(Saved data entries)

↓↓↓

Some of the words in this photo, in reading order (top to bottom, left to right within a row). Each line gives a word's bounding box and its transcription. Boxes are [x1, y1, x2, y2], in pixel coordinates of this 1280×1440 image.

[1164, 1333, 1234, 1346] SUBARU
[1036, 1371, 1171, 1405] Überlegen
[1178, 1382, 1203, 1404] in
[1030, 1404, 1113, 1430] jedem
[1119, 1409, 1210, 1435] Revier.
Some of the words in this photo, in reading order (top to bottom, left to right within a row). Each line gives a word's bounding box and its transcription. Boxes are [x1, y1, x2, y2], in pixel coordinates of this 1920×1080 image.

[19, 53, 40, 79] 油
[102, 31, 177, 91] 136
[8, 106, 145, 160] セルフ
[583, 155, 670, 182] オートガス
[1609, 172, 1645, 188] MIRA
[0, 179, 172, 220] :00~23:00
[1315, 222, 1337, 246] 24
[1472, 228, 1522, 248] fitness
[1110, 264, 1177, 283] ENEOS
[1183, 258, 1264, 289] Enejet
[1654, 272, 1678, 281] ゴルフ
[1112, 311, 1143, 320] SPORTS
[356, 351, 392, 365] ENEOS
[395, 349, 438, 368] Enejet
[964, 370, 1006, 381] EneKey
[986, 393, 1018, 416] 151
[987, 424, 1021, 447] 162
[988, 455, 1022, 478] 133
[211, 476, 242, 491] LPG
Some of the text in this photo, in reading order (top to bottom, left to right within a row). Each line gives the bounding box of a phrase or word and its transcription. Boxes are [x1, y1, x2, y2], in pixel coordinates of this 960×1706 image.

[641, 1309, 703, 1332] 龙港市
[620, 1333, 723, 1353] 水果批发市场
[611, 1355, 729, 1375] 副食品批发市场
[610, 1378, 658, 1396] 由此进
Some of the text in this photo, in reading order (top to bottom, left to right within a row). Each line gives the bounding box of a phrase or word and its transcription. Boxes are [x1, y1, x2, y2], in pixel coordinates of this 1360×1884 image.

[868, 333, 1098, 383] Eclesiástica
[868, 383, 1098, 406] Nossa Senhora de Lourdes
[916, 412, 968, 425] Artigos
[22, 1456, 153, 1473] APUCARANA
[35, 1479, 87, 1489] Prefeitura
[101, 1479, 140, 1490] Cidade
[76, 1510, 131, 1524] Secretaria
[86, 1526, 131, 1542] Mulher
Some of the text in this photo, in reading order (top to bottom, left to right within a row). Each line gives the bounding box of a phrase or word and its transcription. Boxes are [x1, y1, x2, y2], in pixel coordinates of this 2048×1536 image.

↑↑↑

Write the entries out again in full, exactly as they appear above.

▸ **OUTPUT FOR THIS EXERCISE**:
Some of the words in this photo, in reading order (top to bottom, left to right within a row). Each line gives a word's bounding box and its transcription. Boxes are [x1, y1, x2, y2], in pixel coordinates of this 1280×1440 image.

[1164, 1333, 1234, 1346] SUBARU
[1036, 1371, 1171, 1405] Überlegen
[1178, 1382, 1203, 1404] in
[1030, 1404, 1113, 1430] jedem
[1119, 1409, 1210, 1435] Revier.
Some of the words in this photo, in reading order (top to bottom, left to right within a row). Each line gives a word's bounding box and its transcription. Boxes are [x1, y1, x2, y2], in pixel coordinates of this 1920×1080 image.

[19, 53, 40, 79] 油
[102, 31, 177, 91] 136
[8, 106, 145, 160] セルフ
[583, 155, 670, 182] オートガス
[1609, 172, 1645, 188] MIRA
[0, 179, 172, 220] :00~23:00
[1315, 222, 1337, 246] 24
[1472, 228, 1522, 248] fitness
[1110, 264, 1177, 283] ENEOS
[1183, 258, 1264, 289] Enejet
[1654, 272, 1678, 281] ゴルフ
[1112, 311, 1143, 320] SPORTS
[356, 351, 392, 365] ENEOS
[395, 349, 438, 368] Enejet
[964, 370, 1006, 381] EneKey
[986, 393, 1018, 416] 151
[987, 424, 1021, 447] 162
[988, 455, 1022, 478] 133
[211, 476, 242, 491] LPG
Some of the text in this photo, in reading order (top to bottom, left to right within a row). Each line gives the bounding box of a phrase or word and its transcription. Boxes are [x1, y1, x2, y2], in pixel coordinates of this 960×1706 image.

[641, 1309, 703, 1332] 龙港市
[620, 1333, 723, 1353] 水果批发市场
[611, 1355, 729, 1375] 副食品批发市场
[610, 1378, 658, 1396] 由此进
Some of the text in this photo, in reading order (top to bottom, left to right within a row). Each line gives the bounding box of a phrase or word and its transcription. Boxes are [x1, y1, x2, y2], in pixel coordinates of this 1360×1884 image.

[868, 333, 1098, 383] Eclesiástica
[868, 383, 1098, 406] Nossa Senhora de Lourdes
[916, 412, 968, 425] Artigos
[22, 1456, 153, 1473] APUCARANA
[35, 1479, 87, 1489] Prefeitura
[101, 1479, 140, 1490] Cidade
[76, 1510, 131, 1524] Secretaria
[86, 1526, 131, 1542] Mulher
Some of the text in this photo, in reading order (top to bottom, left to right within a row). Each line gives the bounding box of a phrase or word and its transcription. Boxes are [x1, y1, x2, y2], in pixel coordinates of this 2048×1536 image.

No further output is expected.